Frasera neglecta

Scientific classification
- Kingdom: Plantae
- Clade: Tracheophytes
- Clade: Angiosperms
- Clade: Eudicots
- Clade: Asterids
- Order: Gentianales
- Family: Gentianaceae
- Genus: Frasera
- Species: F. neglecta
- Binomial name: Frasera neglecta H.M.Hall
- Synonyms: Swertia neglecta

= Frasera neglecta =

- Genus: Frasera
- Species: neglecta
- Authority: H.M.Hall
- Synonyms: Swertia neglecta

Species of plant

Frasera neglecta (syn. Swertia neglecta) is a species of flowering plant in the gentian family known by the common name pine green gentian.

The plant is endemic to California, where it is known from the Western Transverse Ranges in the Greater Los Angeles region, and the Southern California Coast Ranges.

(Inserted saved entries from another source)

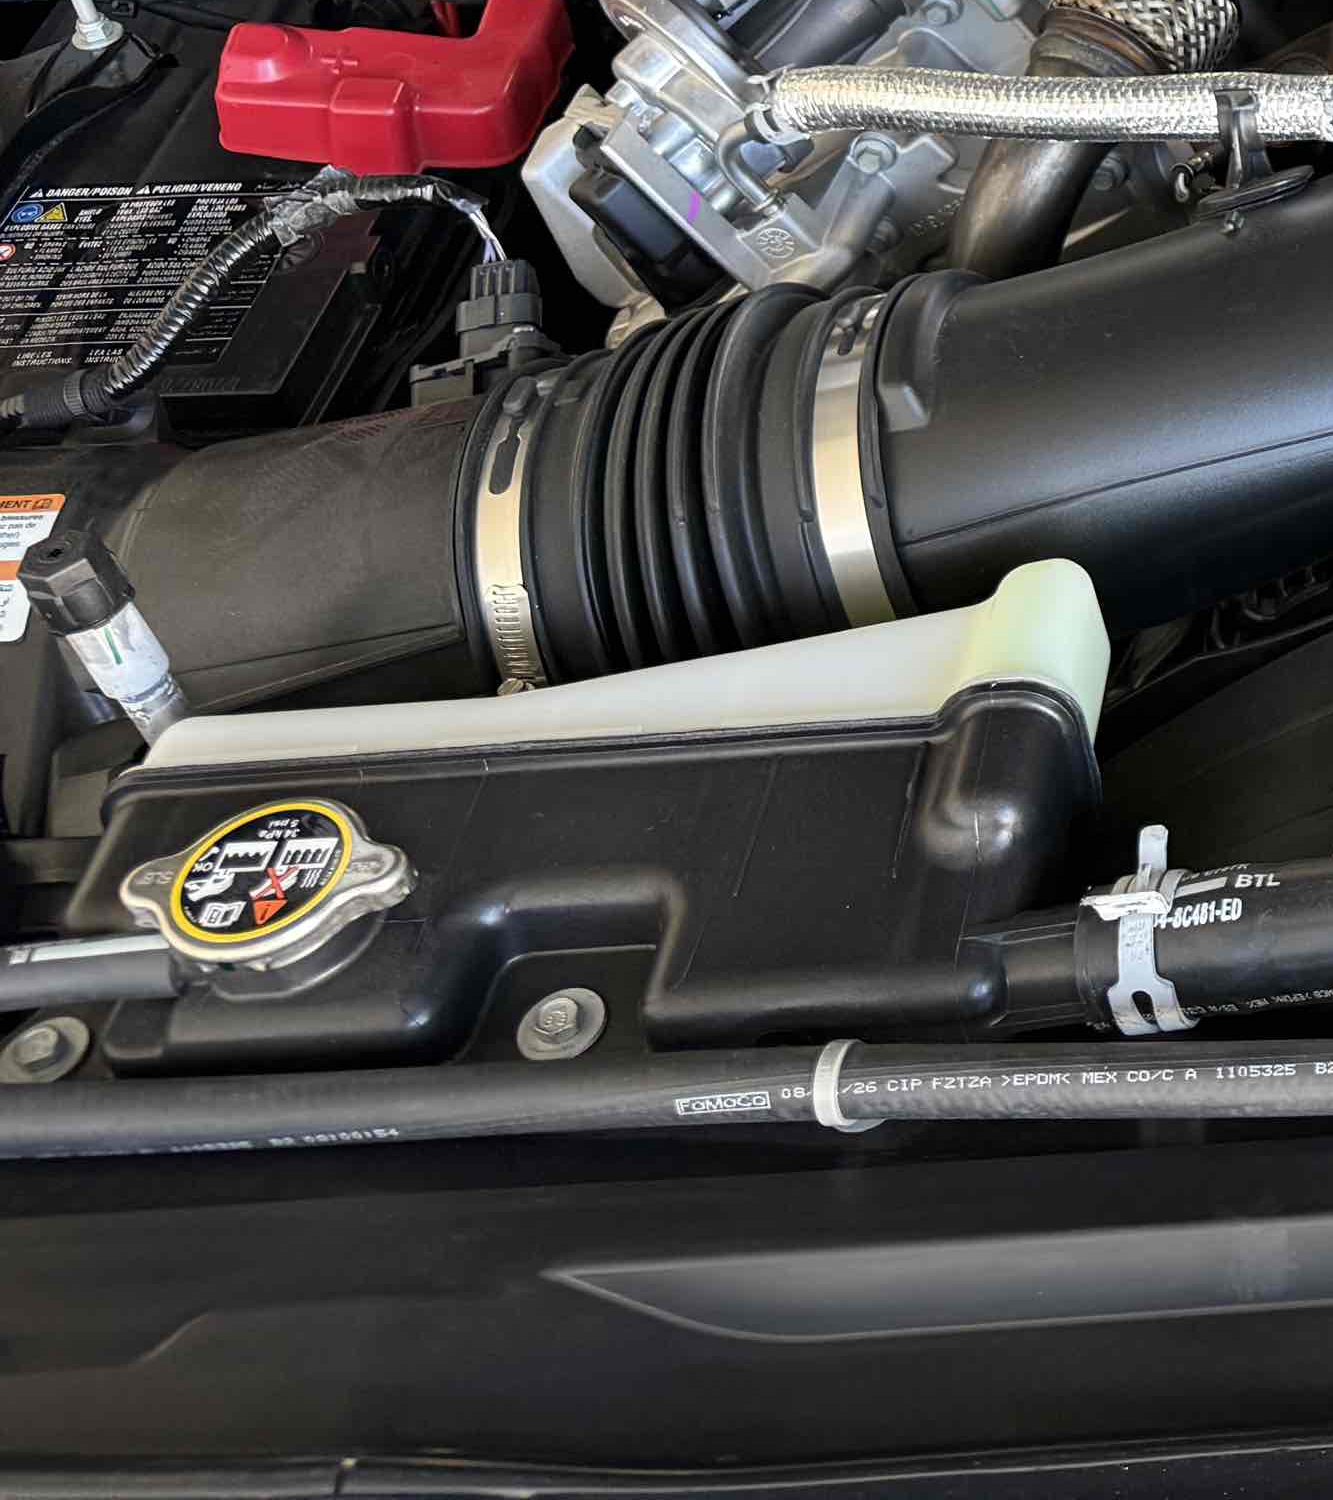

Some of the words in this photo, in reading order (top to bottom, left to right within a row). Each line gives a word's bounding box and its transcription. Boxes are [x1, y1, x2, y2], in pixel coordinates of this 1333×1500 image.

[46, 186, 133, 198] DANGER/POISON
[282, 828, 300, 839] 34
[1234, 873, 1281, 889] BTL
[676, 1091, 772, 1116] FoMoCo
[886, 1078, 923, 1093] CIP
[1000, 1071, 1072, 1089] >EPDM<
[1082, 1068, 1118, 1086] MEX
[1184, 1068, 1198, 1082] A
[1215, 1063, 1298, 1080] 1105325

It grows in chaparral, oak woodlands, and other habitats.

==Description==
Frasera neglecta is a perennial herb producing one or more erect stems from a rosetted base, reaching up to roughly half a meter tall. The leaves are linear or lance-shaped and green with white margins; the largest leaves at the base of the plant can reach 20 centimeters in length.

The inflorescence is a dense panicle atop the stem, sometimes interrupted into a series of clusters of flowers. Each flower has a calyx of four pointed sepals and a corolla of four pointed lobes each up to 1.5 centimeters long. The corolla is greenish white with purple streaks. There are four stamens tipped with large anthers and a central ovary.